Kupakai gaun itu dengan semangat. Rasanya aku baru dilantik menjadi anggota Green Peace. Pundakku serasa memikul misi mahapenting. Aku kini, si gadis hijau toska penyelamat lingkungan hidup. Yeah!

Cepat kusambar semangkuk wijen dan berlari ke halaman. Matahari hampir muncul menepis sisa-sisa embun. Burung-burung sudah bangun sedari tadi. Gelatik, sriti, merpati juga srigunting. Mereka mengelilingiku berebut wijen. Sekilas mereka tampak jinak.

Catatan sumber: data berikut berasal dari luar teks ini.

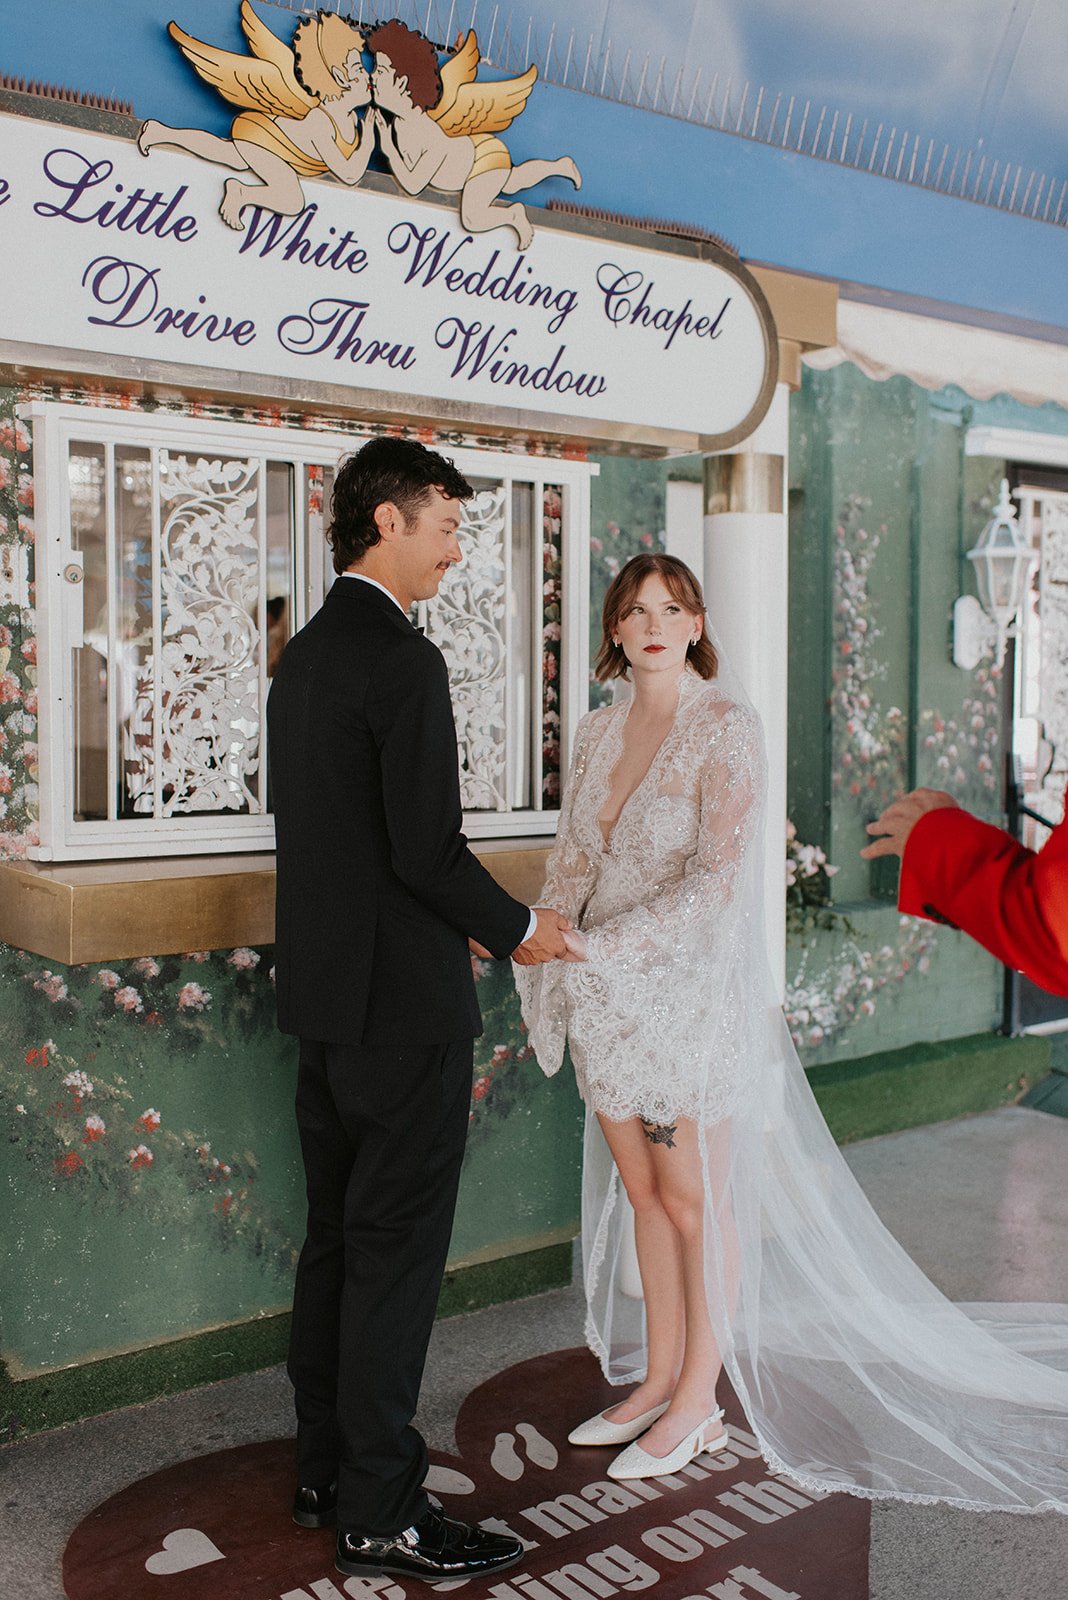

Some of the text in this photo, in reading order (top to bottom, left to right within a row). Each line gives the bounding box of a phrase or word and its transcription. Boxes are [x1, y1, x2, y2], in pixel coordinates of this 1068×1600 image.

[34, 148, 732, 350] Little White Wedding Chapel
[81, 255, 607, 398] Drive Thru Window
[640, 1508, 748, 1563] on

Tiba-tiba muncul niatku untuk iseng. Aku berbaring di rumput dengan kaki bertabur wijen. Aku tak bergerak untuk beberapa saat. Burung-burung bereaksi, mereka mendekat perlahan, memastikan aku benar-benar tak bergerak. Setelah yakin, mereka mulai mematuki kakiku. Makin lama makin banyak. Rasanya geli, tapi demi sempurnanya misi kutahan saja. Setelah mereka terlena, whuaaa.... aku bangun dengan sangat mengejutkan. Untuk mendukung peran kukenakan topeng semar yang sempat kusembunyikan di rumpun anthurium. Kini aku menandak-nandak. Burung-burung memekik ribut, gugup, dan saling tabrak. Tampang mereka lucu sekali, aku sampai tertawa bergulingan.

”Berhenti menakuti burung, gadis badung! Gadis hijau toska tak pernah mempermainkan binatang!” Jemari basah beraroma lerak memijit hidungku keras-keras. Aku meringis kesakitan, tapi yang lebih membuatku takut adalah jika Nini mengambil gaun itu kembali berikut predikatnya.

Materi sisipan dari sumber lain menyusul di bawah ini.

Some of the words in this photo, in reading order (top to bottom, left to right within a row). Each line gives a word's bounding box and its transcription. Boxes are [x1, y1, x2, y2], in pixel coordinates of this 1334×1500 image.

”Ampun, Ni. Aku janji tidak begitu lagi...”

Nini melepaskan jemarinya setelah yakin aku kapok.

***

Siang di beranda rumah. Mulutku sibuk mengunyah onde-onde, sambil menunggui Nini yang sibuk memaket burung hantu.

”Burung hantu predator yang hebat, Nini akan menghadiahkan burung-burung ini untuk sahabat-sahabat petani Nini.”

Diam-diam aku memuji Nini. Dia memiliki pengetahuan dan kearifan yang indah tentang alam. Ibu guru bilang ‘kearifan naturalis’. Setiap waktu bersama Nini, jiwaku semakin kaya dengan ajaran-ajaran. Seperti siang ini, di sela-sela kunyahan kapur sirihnya Nini memberitahuku, bahwa orang-orang zaman dahulu jauh lebih memiliki kearifan alam daripada orang-orang modern. Mereka berusaha mengendalikan ketamakan dengan menyeimbangkan pemenuhan kebutuhan dengan kelangsungan hidup lingkungan.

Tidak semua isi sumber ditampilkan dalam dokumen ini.